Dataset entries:
Start of Block

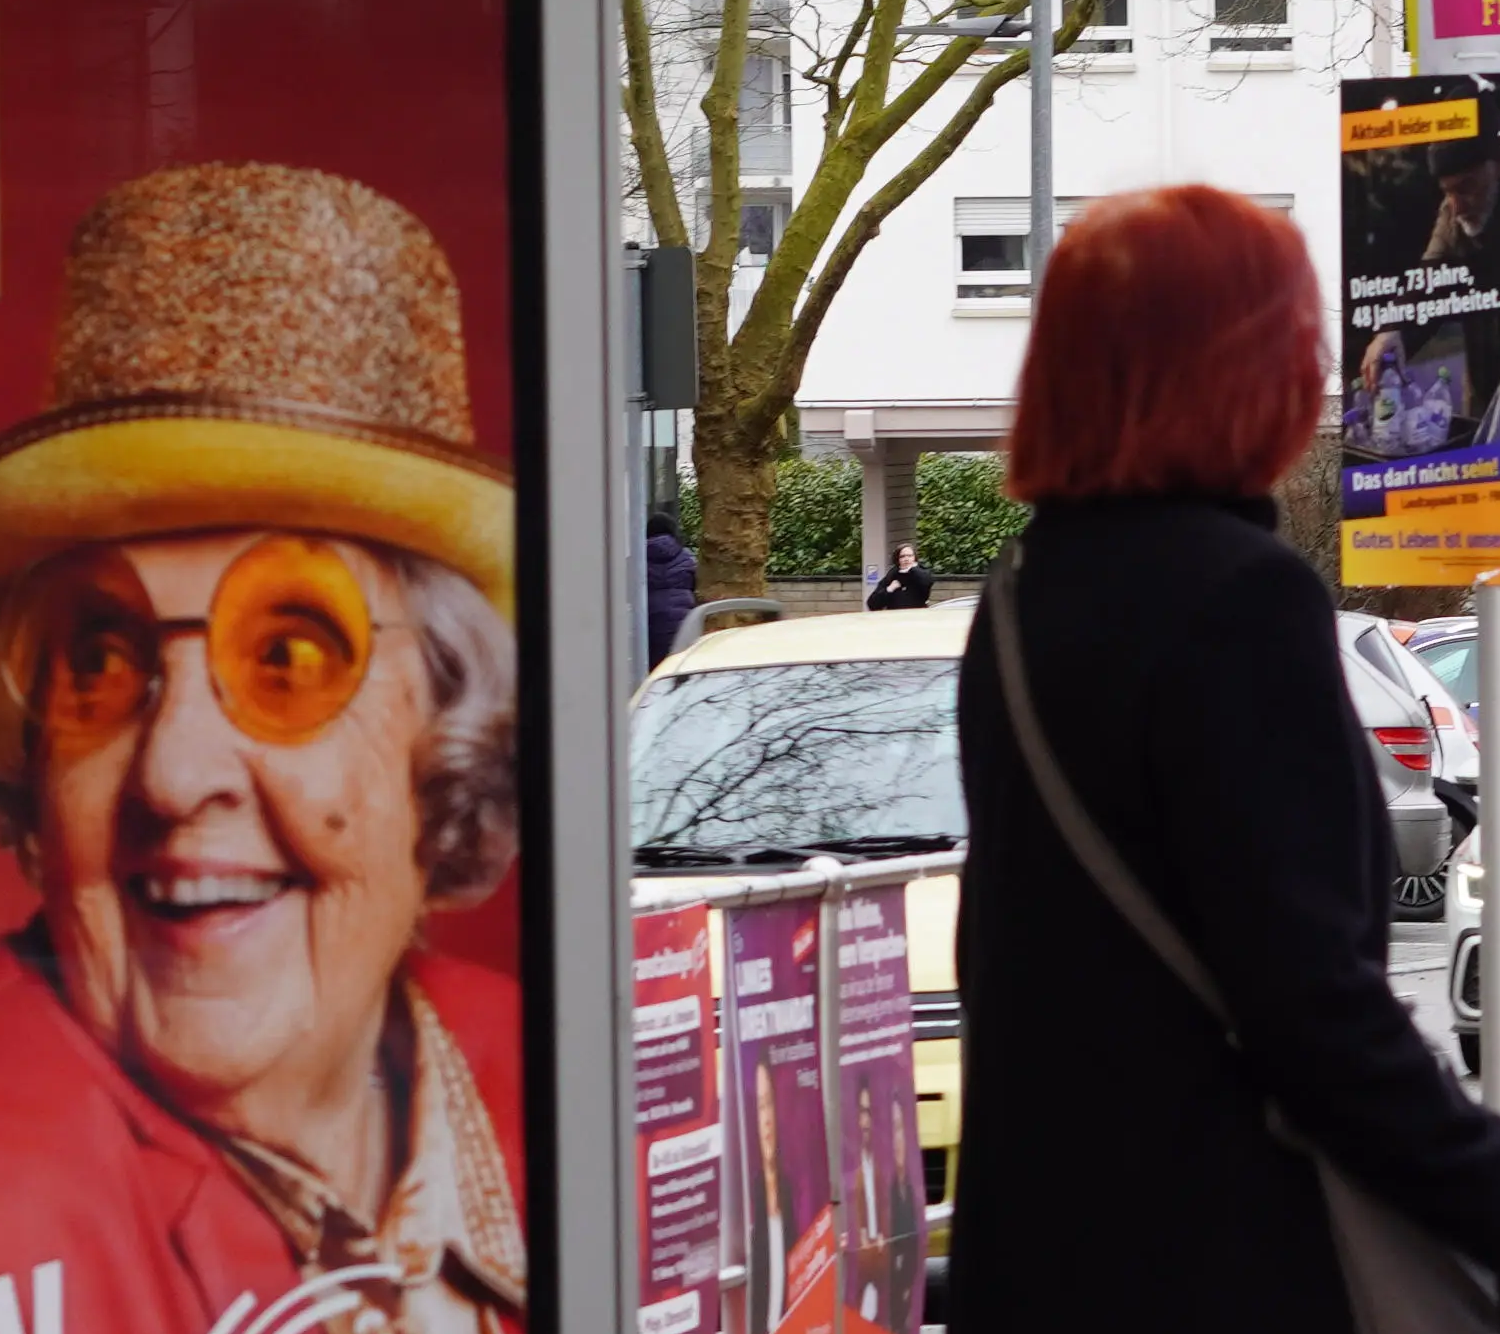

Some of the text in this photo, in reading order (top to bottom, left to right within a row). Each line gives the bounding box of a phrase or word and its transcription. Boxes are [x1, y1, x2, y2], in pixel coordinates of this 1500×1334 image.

[1351, 117, 1395, 141] Aktuell
[1351, 263, 1474, 301] Dieter, 73 Jahre,
[1352, 304, 1371, 329] 48
[1372, 299, 1414, 330] Jahre
[1352, 471, 1381, 492] Das
[1384, 464, 1417, 489] darf
[1419, 460, 1459, 485] nicht
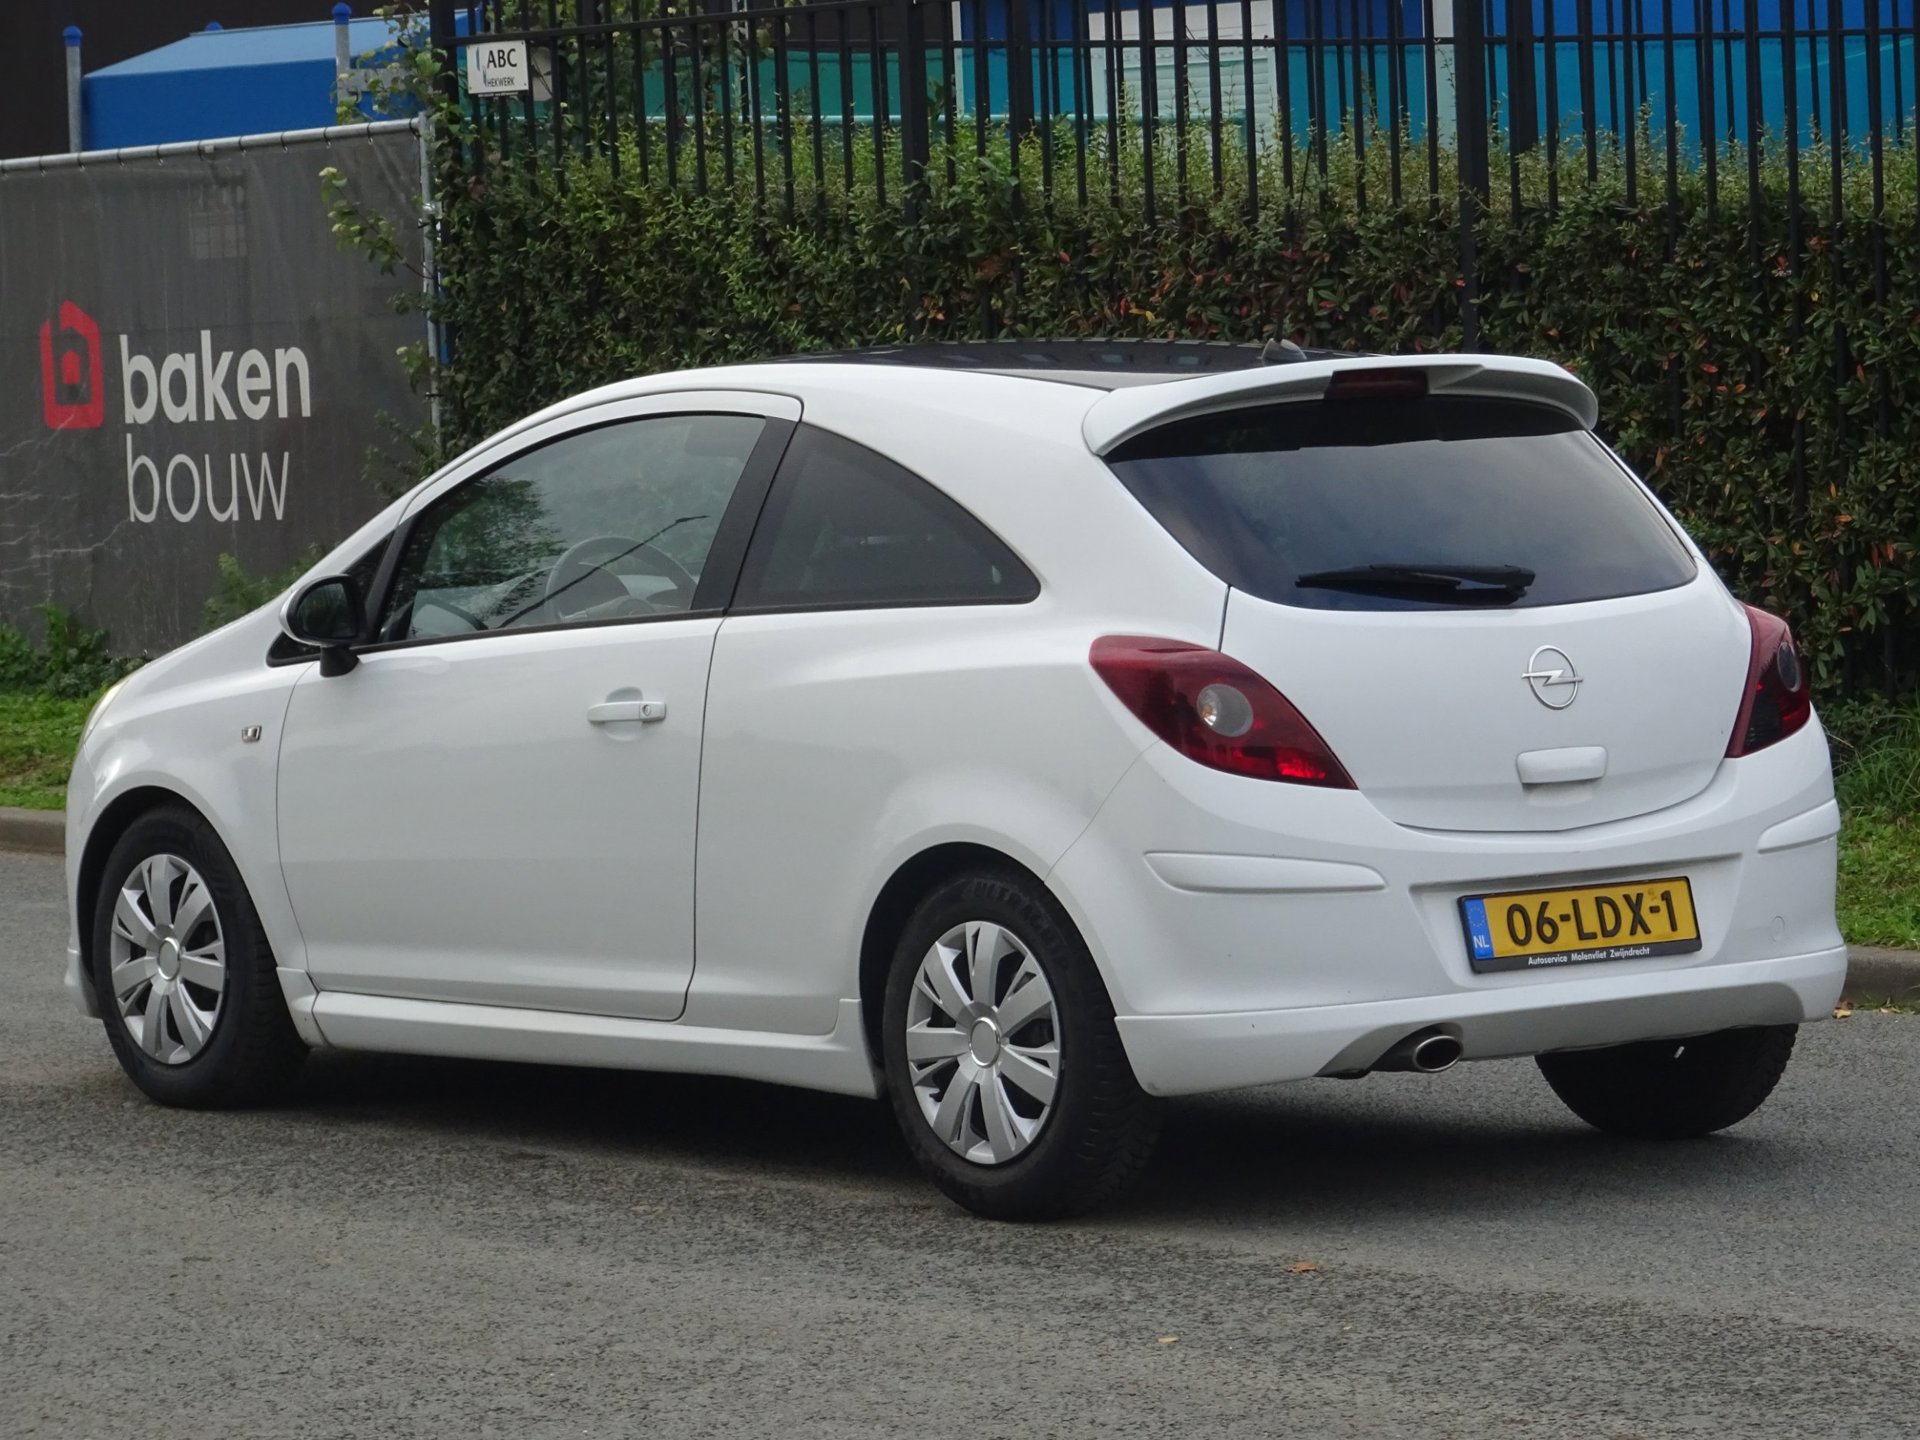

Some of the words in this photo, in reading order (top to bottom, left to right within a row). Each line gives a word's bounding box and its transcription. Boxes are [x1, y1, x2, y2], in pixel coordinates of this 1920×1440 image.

[487, 48, 517, 69] ABC
[487, 77, 515, 87] HEKWERK
[119, 329, 312, 425] baken
[126, 433, 290, 523] bouw
[1506, 890, 1678, 946] 06-LDX-1
[1473, 934, 1490, 949] NL
[1528, 954, 1568, 966] Autoservice
[1571, 950, 1607, 962] Molenvliet
[1610, 947, 1650, 959] Zwijndrecht
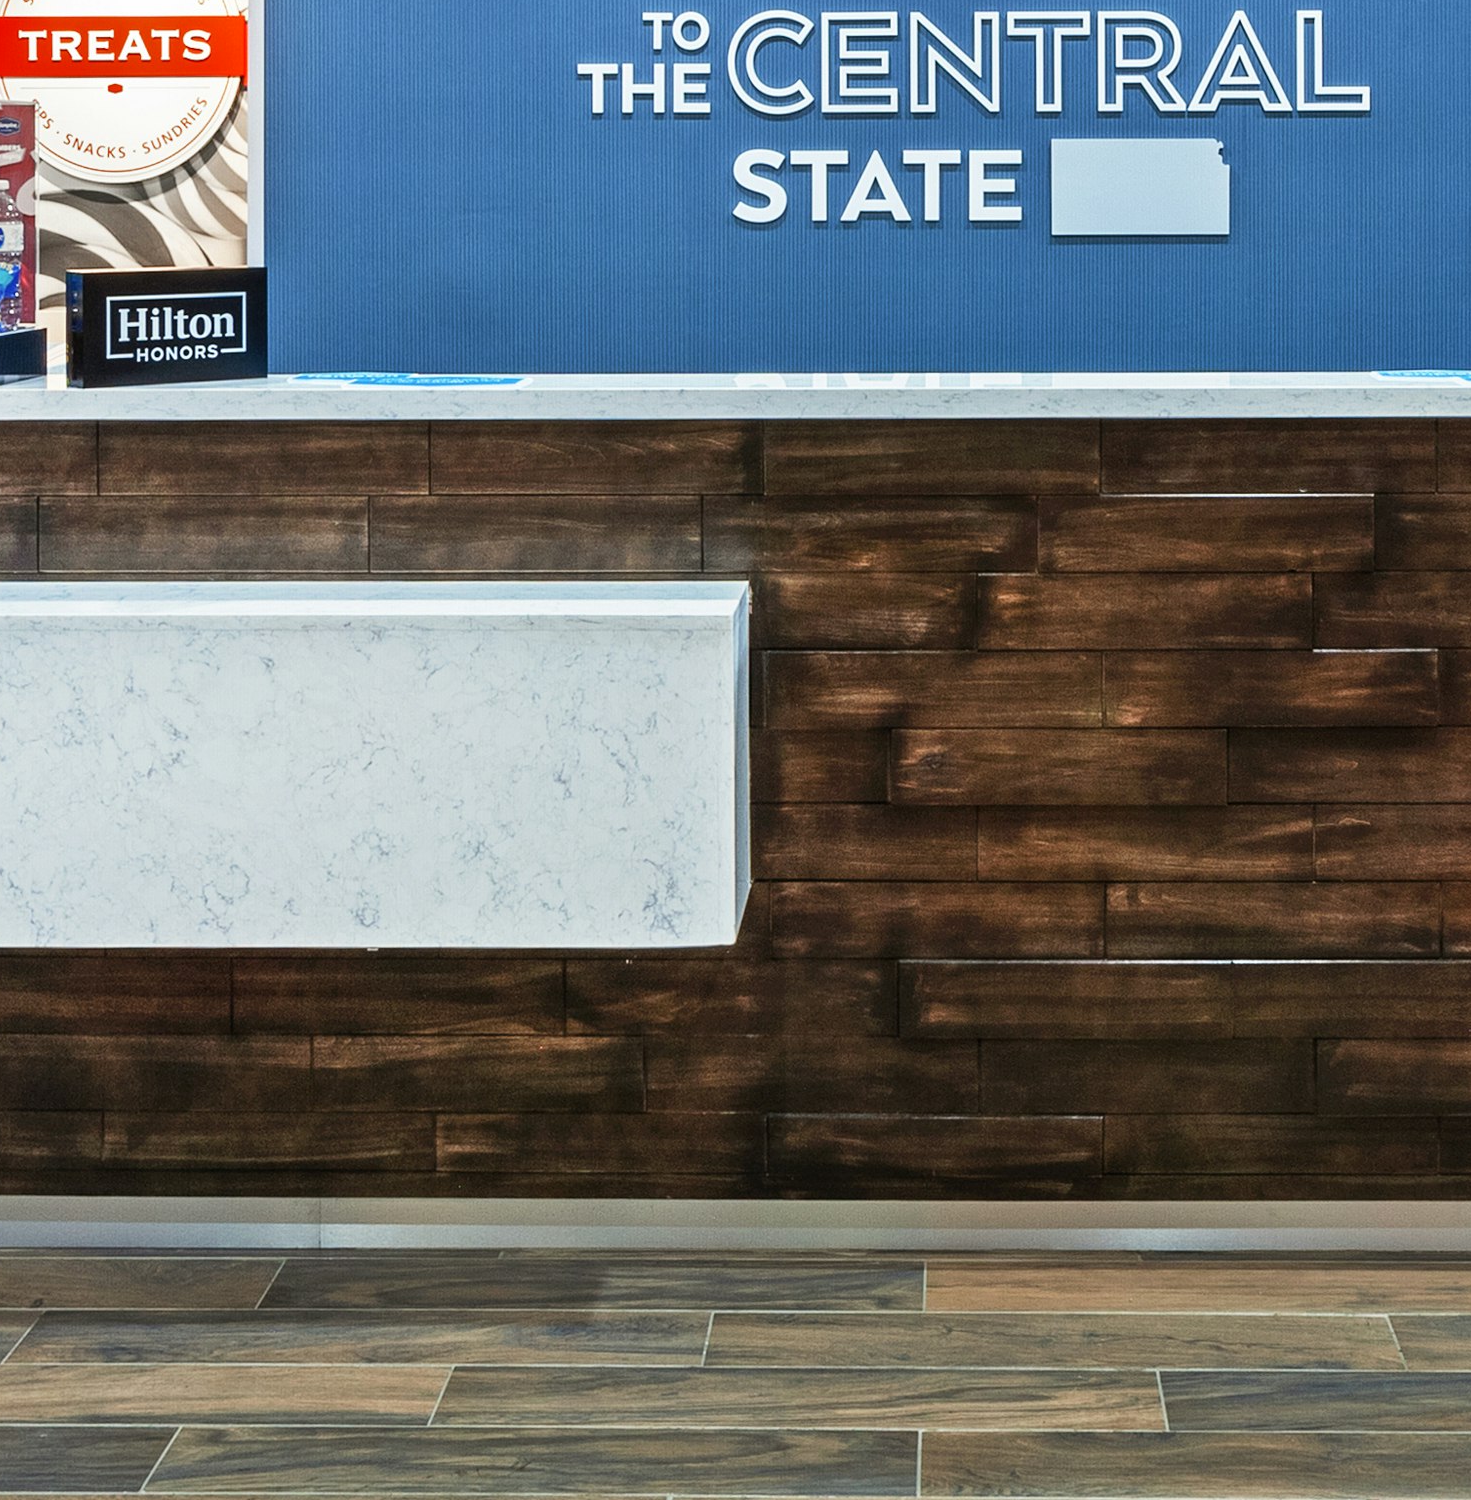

End of Block

- [ACTIVITY]: Print verbatim every line above, apart from the pictures.

- [SOLUTION FOR THIS EXERCISE]:
Some of the text in this photo, in reading order (top to bottom, left to right within a row). Each line gives the bounding box of a phrase or word and its transcription. Boxes are [x1, y1, x2, y2], in pixel coordinates of this 1500×1334 image.

[1351, 117, 1395, 141] Aktuell
[1351, 263, 1474, 301] Dieter, 73 Jahre,
[1352, 304, 1371, 329] 48
[1372, 299, 1414, 330] Jahre
[1352, 471, 1381, 492] Das
[1384, 464, 1417, 489] darf
[1419, 460, 1459, 485] nicht

Some of the words in this photo, in reading order (top to bottom, left to right within a row). Each line gives a word's bounding box and its transcription. Boxes are [x1, y1, x2, y2], in pixel coordinates of this 1920×1440 image.

[487, 48, 517, 69] ABC
[487, 77, 515, 87] HEKWERK
[119, 329, 312, 425] baken
[126, 433, 290, 523] bouw
[1506, 890, 1678, 946] 06-LDX-1
[1473, 934, 1490, 949] NL
[1528, 954, 1568, 966] Autoservice
[1571, 950, 1607, 962] Molenvliet
[1610, 947, 1650, 959] Zwijndrecht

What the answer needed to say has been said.